Binance Faces $2 Billion Tax Evasion Case in Nigeria
Crypto in Africa is entering a new phase.
One of the world’s largest crypto exchanges, Binance, is now at the center of a major legal case in Nigeria, where authorities are accusing the company of tax evasion and seeking billions of dollars in claims.
The case is not just about Binance. It reflects a broader shift as governments across Africa move to regulate the fast-growing crypto industry.
What Binance Is Being Accused Of
Nigerian authorities have charged Binance with tax evasion, arguing that the company operated in the country without proper registration and failed to meet its tax obligations despite having what they describe as a “significant economic presence.” The government also claims that Binance’s activities contributed to instability in the naira by enabling users to access foreign currency outside official channels.
Binance has denied the allegations and pleaded not guilty.
The $2 Billion Tax Claim and $79.5 Billion Damage Demand
At the center of the dispute are large financial claims.
Nigeria is seeking around $2 billion in back taxes, along with up to $79.5 billion in damages linked to the alleged economic impact of Binance’s operations. The damage claim is tied to the government’s position that crypto trading, particularly through peer-to-peer markets, played a role in weakening the local currency by creating an alternative exchange rate system.
Binance Moves Toward Settlement Talks
Rather than continue a prolonged legal battle, Binance is now exploring an out-of-court settlement with Nigerian authorities.
Lawyers representing both sides have confirmed in court that discussions are ongoing, and proceedings have been temporarily paused to allow negotiations to continue. A settlement would allow both parties to resolve the matter without a final court ruling, potentially reducing financial and reputational risks.
How Binance Became So Dominant in Nigeria
The case comes after a period of rapid growth for Binance in Nigeria.
Nigeria is one of the largest crypto markets in the world, driven by strong demand for alternative financial solutions. Many users in the country turned to crypto platforms to access US dollars, send money across borders, and protect their savings from currency depreciation.
Binance, through its peer-to-peer platform, became one of the main gateways for these activities. The platform allowed users to trade directly with each other, bypassing traditional banking restrictions.
The Role of Stablecoins and Dollar Demand
The platform’s growth was closely tied to the rise of stablecoins such as USDT, which many Nigerians use as a digital substitute for the dollar.
Over time, Binance’s peer-to-peer marketplace began to act as an informal reference point for the naira’s value against the dollar. This created a parallel pricing system that operated outside official foreign exchange markets.
Rising Tensions Over the Naira
Authorities became increasingly concerned that this parallel system was undermining efforts to stabilize the currency.

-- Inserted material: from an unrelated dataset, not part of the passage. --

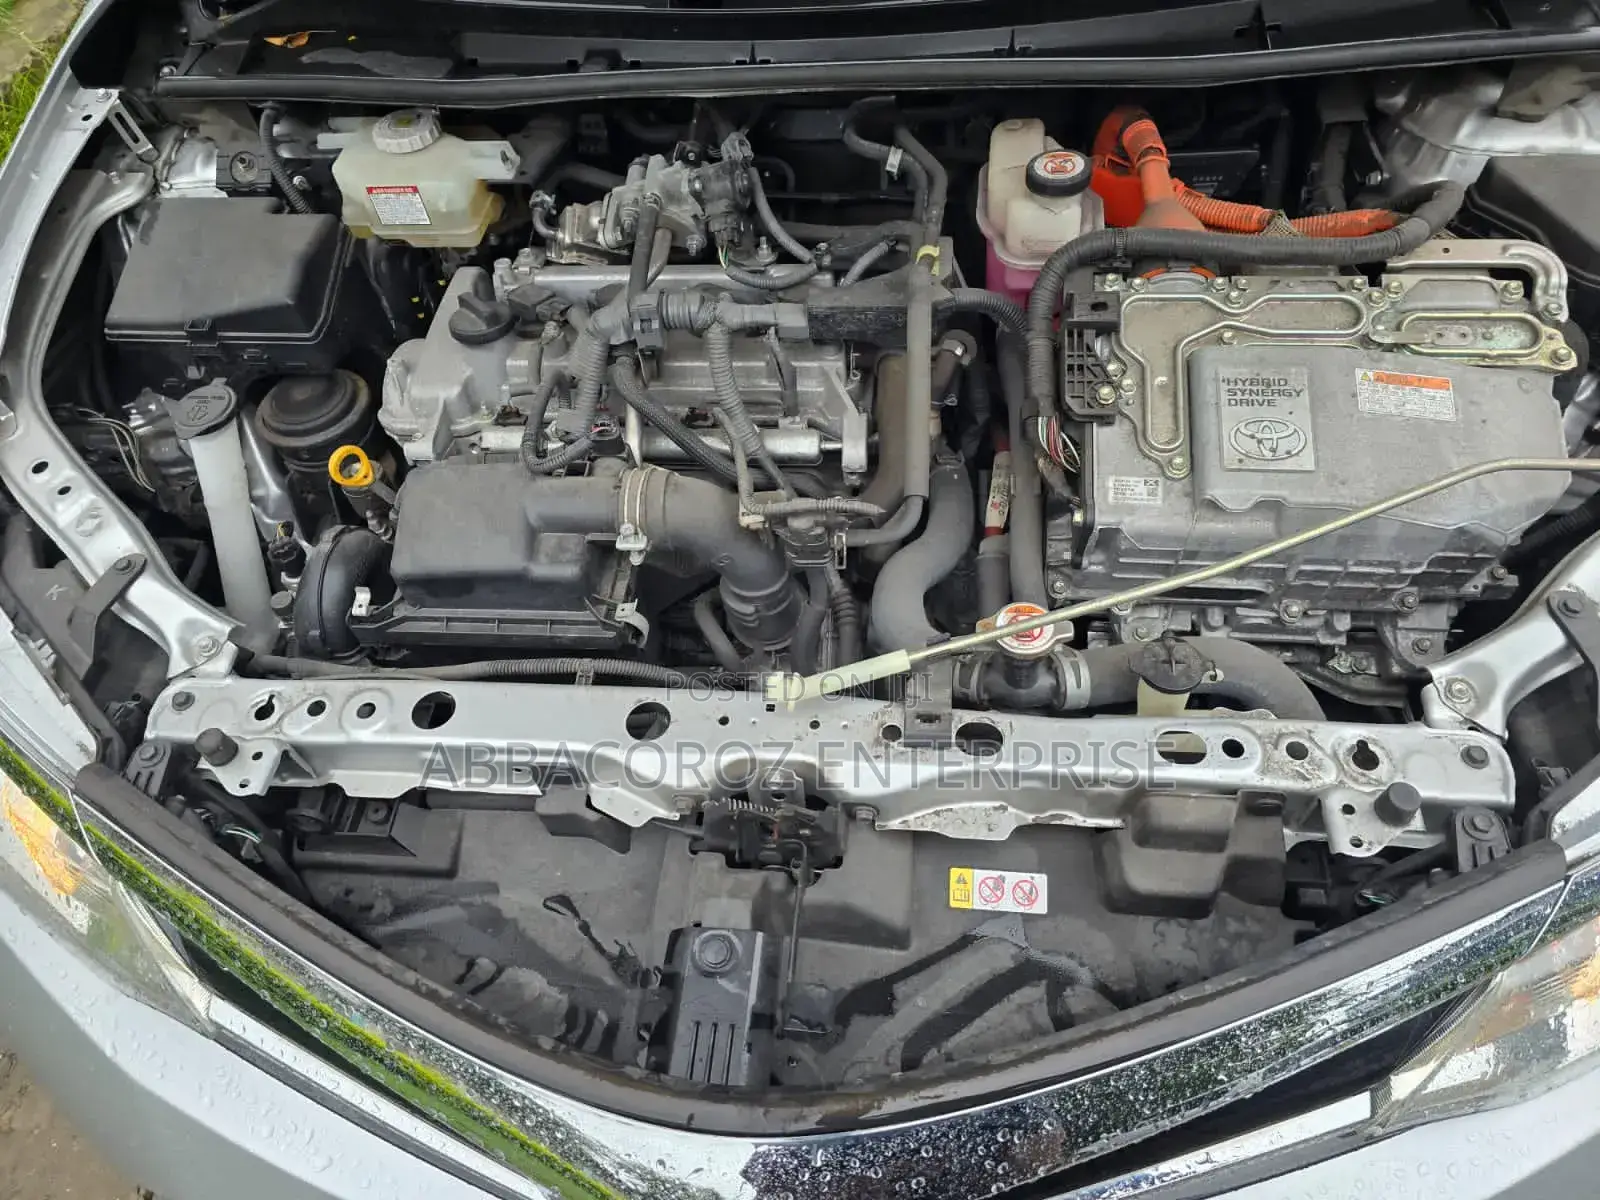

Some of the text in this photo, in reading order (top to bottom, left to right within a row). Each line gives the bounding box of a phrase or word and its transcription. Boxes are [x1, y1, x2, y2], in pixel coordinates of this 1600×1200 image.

[1226, 378, 1288, 387] HYBRID
[1227, 388, 1304, 397] SYNERGY
[1227, 398, 1278, 407] DRIVE

As economic pressures grew and demand for foreign currency increased, Nigerian officials began linking crypto trading activity to volatility in the exchange rate. Platforms like Binance came under greater scrutiny as a result.
From Restrictions to Crackdown
The current legal case follows earlier actions by the government to restrict crypto activity.
In previous years, banks were prohibited from facilitating crypto transactions, pushing users toward peer-to-peer platforms. Instead of reducing crypto usage, these measures contributed to rapid growth in decentralized trading, further strengthening Binance’s position in the market.
Tensions escalated significantly in 2024 when Nigerian authorities launched a broader crackdown on crypto platforms. Binance executives were detained as part of investigations, and the company later adjusted its services, including limiting certain naira-related transactions.
Why Binance Became the Main Target
Binance’s dominance in Nigeria is a key reason it is at the center of the case.
With a large user base and high trading volumes, the platform became one of the most visible players in the country’s digital asset ecosystem. Its role went beyond that of a typical exchange, serving as a major channel for liquidity, cross-border payments, and access to foreign currency.
What Happens Next
Two main outcomes are possible.
If Binance and Nigerian authorities reach a settlement, the case could end without a prolonged trial, potentially allowing the exchange to continue operating under new conditions.
If no agreement is reached, the legal process may continue, extending uncertainty and increasing pressure on the platform.
The situation marks a turning point for crypto in Africa.
What began as an alternative financial system operating largely outside traditional structures is now entering a phase of regulation and oversight. For many observers, the Binance case is a clear sign that the relationship between crypto platforms and governments is changing.
Rather than signaling the end of crypto, the case points to its evolution. As the industry grows, it is increasingly being integrated into existing financial and regulatory systems.
How Binance and Nigeria resolve this dispute may shape not only the future of crypto in the country, but also how other African nations approach digital assets in the years ahead.